For Father's day yesterday, I went golfing with my Dad, my brother and my nephew. I generally dislike the game: you hit a ball, you chase after it, then you hit it again, but my Dad enjoys it, so a round of golf is our usual Father's day gift to him.
Having been in Las Vegas for the last three Father's Days, I was even more out of practice than usual. I had planned on stopping at a driving range on the preceding Saturday for some practice, but then it turned out that I couldn't be arsed, having decided that I would instead just show up raw on Sunday, drink a couple beers, relax and just try to hit the ball any old way.
That attitude led to me playing one of the better games I've played in my life.
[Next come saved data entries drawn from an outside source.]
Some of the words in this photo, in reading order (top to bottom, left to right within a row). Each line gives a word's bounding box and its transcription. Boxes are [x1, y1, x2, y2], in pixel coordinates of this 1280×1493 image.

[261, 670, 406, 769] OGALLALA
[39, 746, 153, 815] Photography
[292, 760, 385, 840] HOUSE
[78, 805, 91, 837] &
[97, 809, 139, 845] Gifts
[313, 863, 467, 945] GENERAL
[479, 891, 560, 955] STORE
Golf is similar to darts, pool and bowling, in that the less you think, the better you play. I don't remember my score, as I couldn't be arsed to keep it, but everyone in our foursome agreed that I shot well...for me, which is still fairly awful for the average duffer.
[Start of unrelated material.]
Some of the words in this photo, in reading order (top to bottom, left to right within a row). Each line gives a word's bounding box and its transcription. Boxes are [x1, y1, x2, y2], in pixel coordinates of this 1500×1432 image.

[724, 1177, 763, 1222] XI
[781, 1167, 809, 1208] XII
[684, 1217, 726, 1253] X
We had a good time, which is always the point of the outing. The course we played on is first-rate, with perfectly landscaped and tended rolling hills, and pathways leading away through quiet woods on to the next tee. Environmentalists bash golf courses as wasteful expanses of water-hogging cut grass, eating up hundreds of acres, reserved for the pleasures of the few, and they have a point, but they're still aesthetically pleasant places to visit, and that has some value in and of its own.
When I was in high school, the back yard of the house I lived in ran into a municipal golf course. I had a snowmobile, and the golf course, with its raised tees and greens and sunken sand traps, turned out to be nothing less than cool-ass jump central, almost perfectly tailored for an idiot kid on a snow machine. One day, I jumped the snowmobile so hard and so many times that I cracked the hood off it. I turned it over to the old man and he welded a swiveling steel plate on to the frame and riveted the hood back on. Problem solved.
Jumping my snowmobile over golf course hazards until I broke it, then going back and jumping it again after my dad fixed it, was probably me at my most white and privileged. But like most teenage boys, I pushed it too far one day, when I buzzed past two cross-country skiers, one of whom I later recognized to be a town aldermen. Less a week later, a new sign appeared on the golf course.